Task statement: Every line of the material must be given again verbatim. Skip the images.

═════ Material for the task

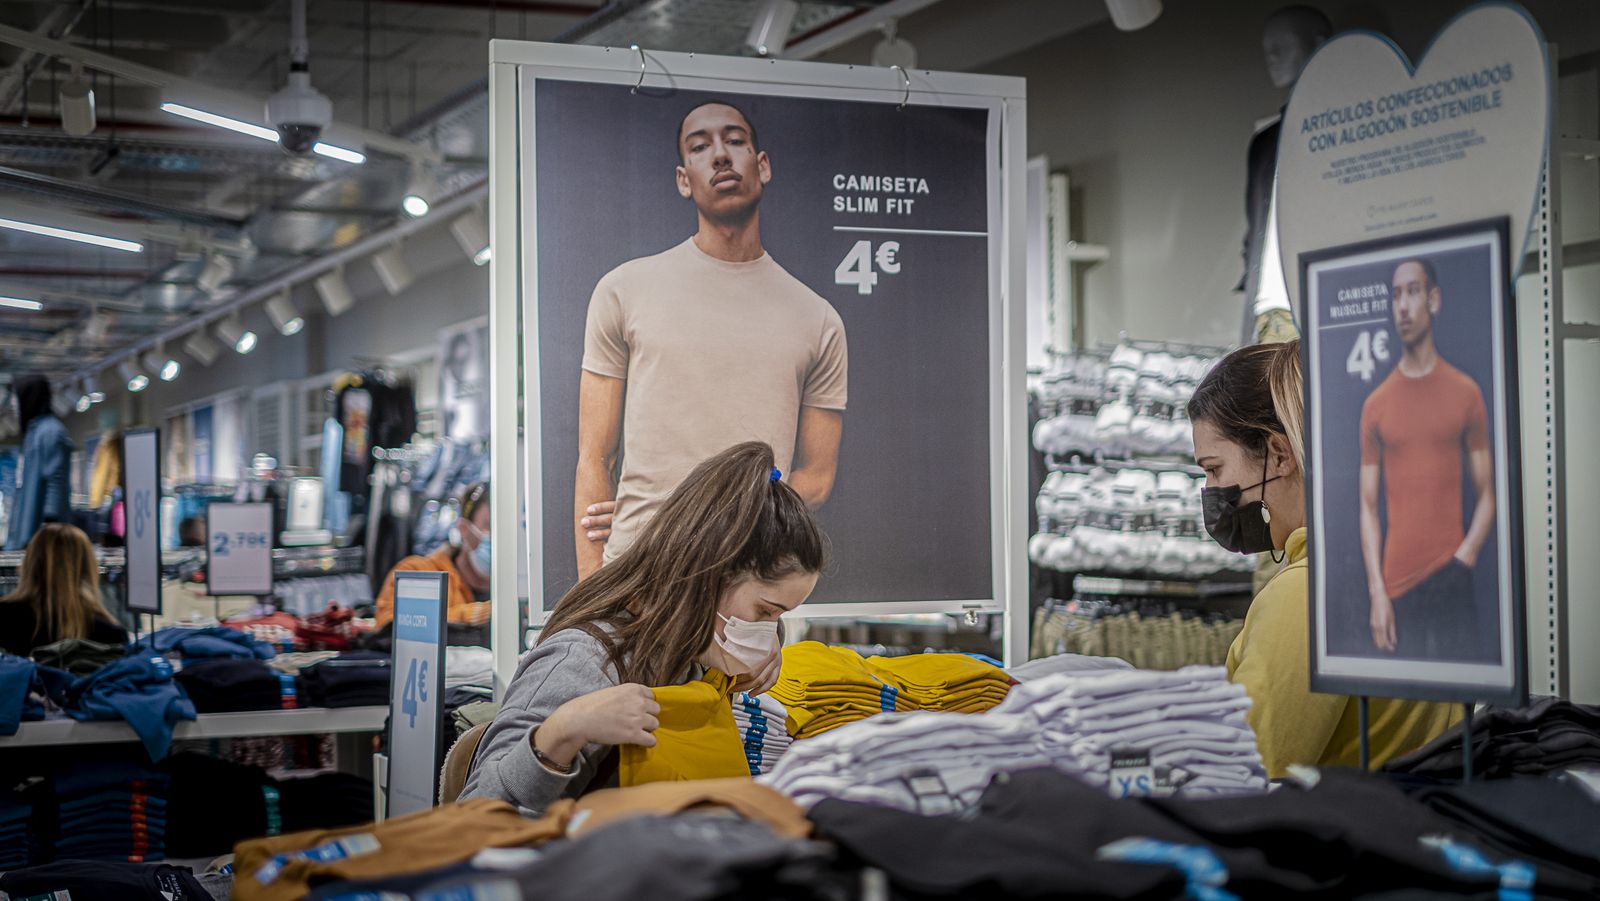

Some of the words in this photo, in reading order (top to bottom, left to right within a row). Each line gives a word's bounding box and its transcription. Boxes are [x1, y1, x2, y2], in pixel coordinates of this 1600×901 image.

[1301, 99, 1374, 134] ARTÍCULOS
[1376, 63, 1514, 114] CONFECCIONADOS
[1308, 132, 1337, 152] CON
[1339, 113, 1408, 145] ALGODÓN
[1409, 90, 1504, 128] SOSTENIBLE
[833, 174, 930, 194] CAMISETA
[833, 195, 879, 213] SLIM
[886, 198, 915, 215] FIT
[834, 240, 901, 295] 4€
[1337, 283, 1389, 302] CAMISETA
[1329, 301, 1369, 318] MUSCLE
[1371, 299, 1388, 313] FIT
[1346, 329, 1390, 381] 4€
[402, 657, 428, 728] 4€
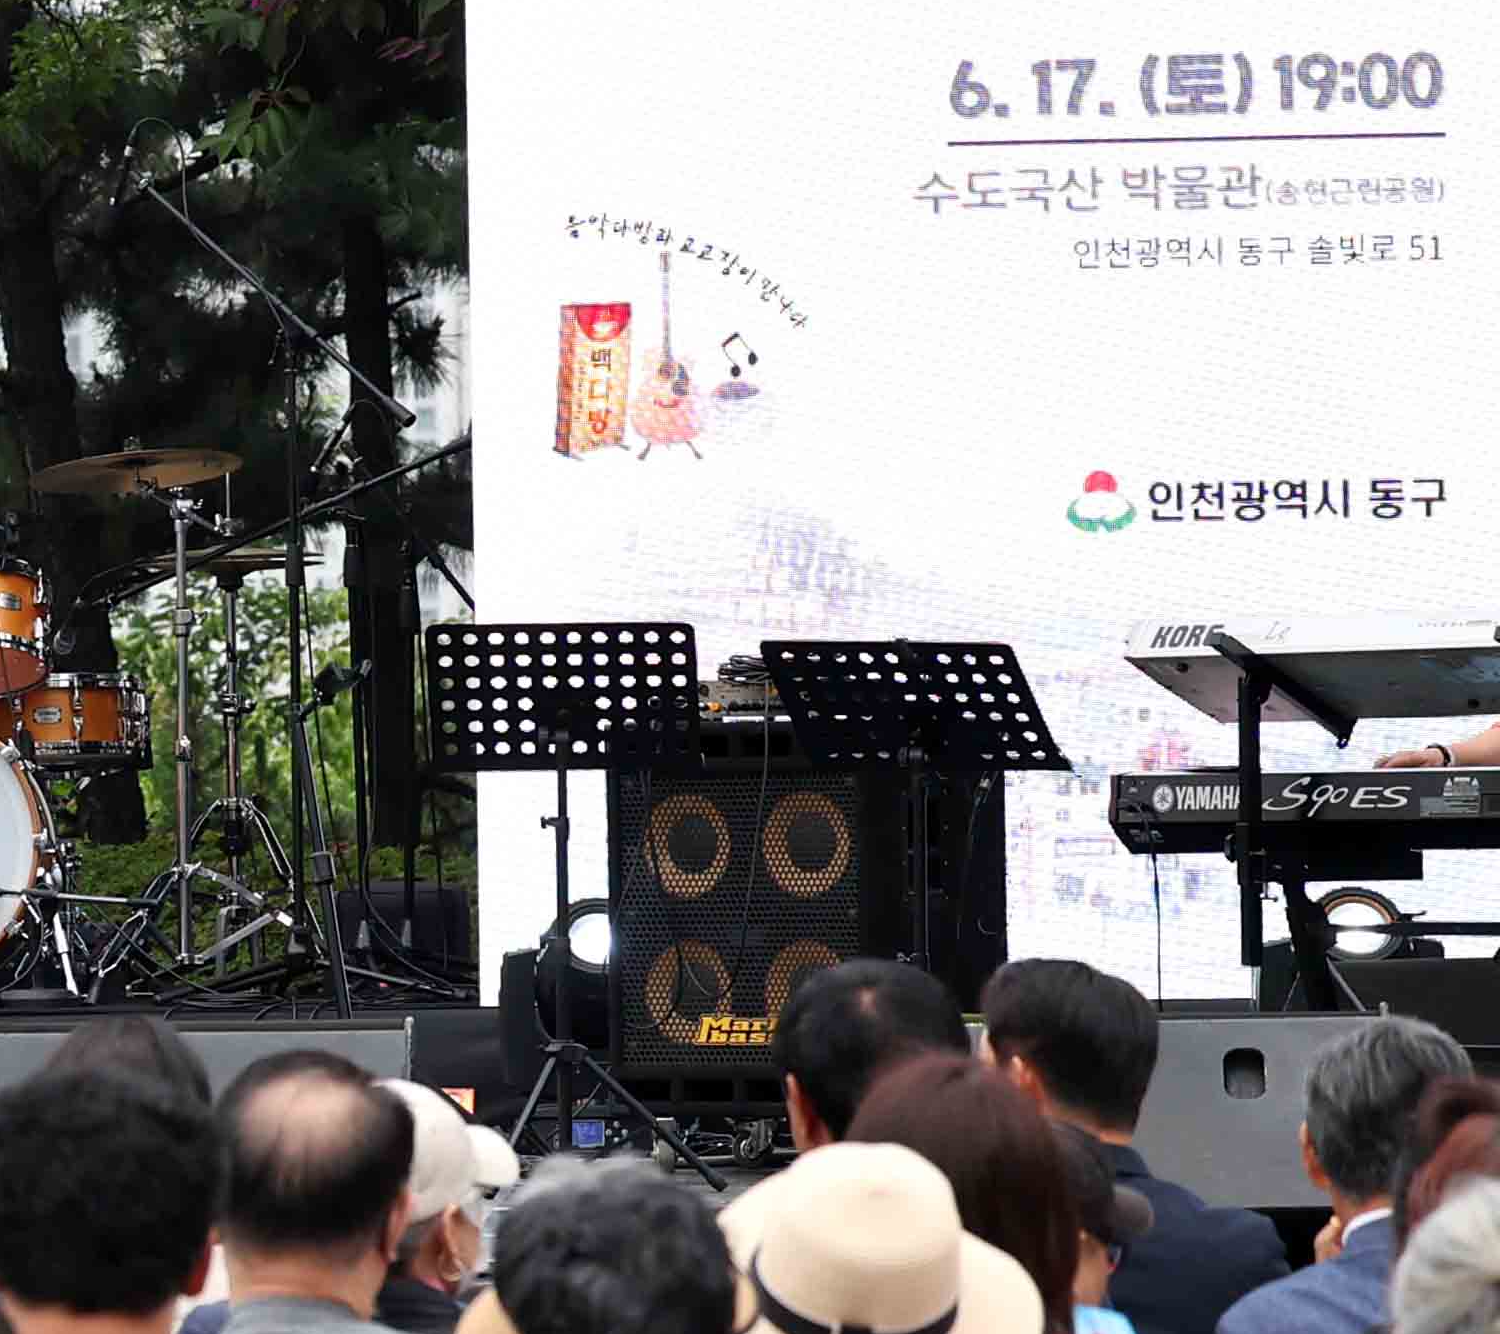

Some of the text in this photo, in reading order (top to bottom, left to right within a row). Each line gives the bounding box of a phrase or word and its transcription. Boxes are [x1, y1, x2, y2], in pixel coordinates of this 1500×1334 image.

══════════

Result of the exercise:
Some of the words in this photo, in reading order (top to bottom, left to right within a row). Each line gives a word's bounding box and its transcription. Boxes are [x1, y1, x2, y2], in pixel coordinates of this 1600×901 image.

[1301, 99, 1374, 134] ARTÍCULOS
[1376, 63, 1514, 114] CONFECCIONADOS
[1308, 132, 1337, 152] CON
[1339, 113, 1408, 145] ALGODÓN
[1409, 90, 1504, 128] SOSTENIBLE
[833, 174, 930, 194] CAMISETA
[833, 195, 879, 213] SLIM
[886, 198, 915, 215] FIT
[834, 240, 901, 295] 4€
[1337, 283, 1389, 302] CAMISETA
[1329, 301, 1369, 318] MUSCLE
[1371, 299, 1388, 313] FIT
[1346, 329, 1390, 381] 4€
[402, 657, 428, 728] 4€

Some of the text in this photo, in reading order (top to bottom, left to right within a row). Each line gives the bounding box of a phrase or word and its transcription. Boxes are [x1, y1, x2, y2], in pixel coordinates of this 1500×1334 image.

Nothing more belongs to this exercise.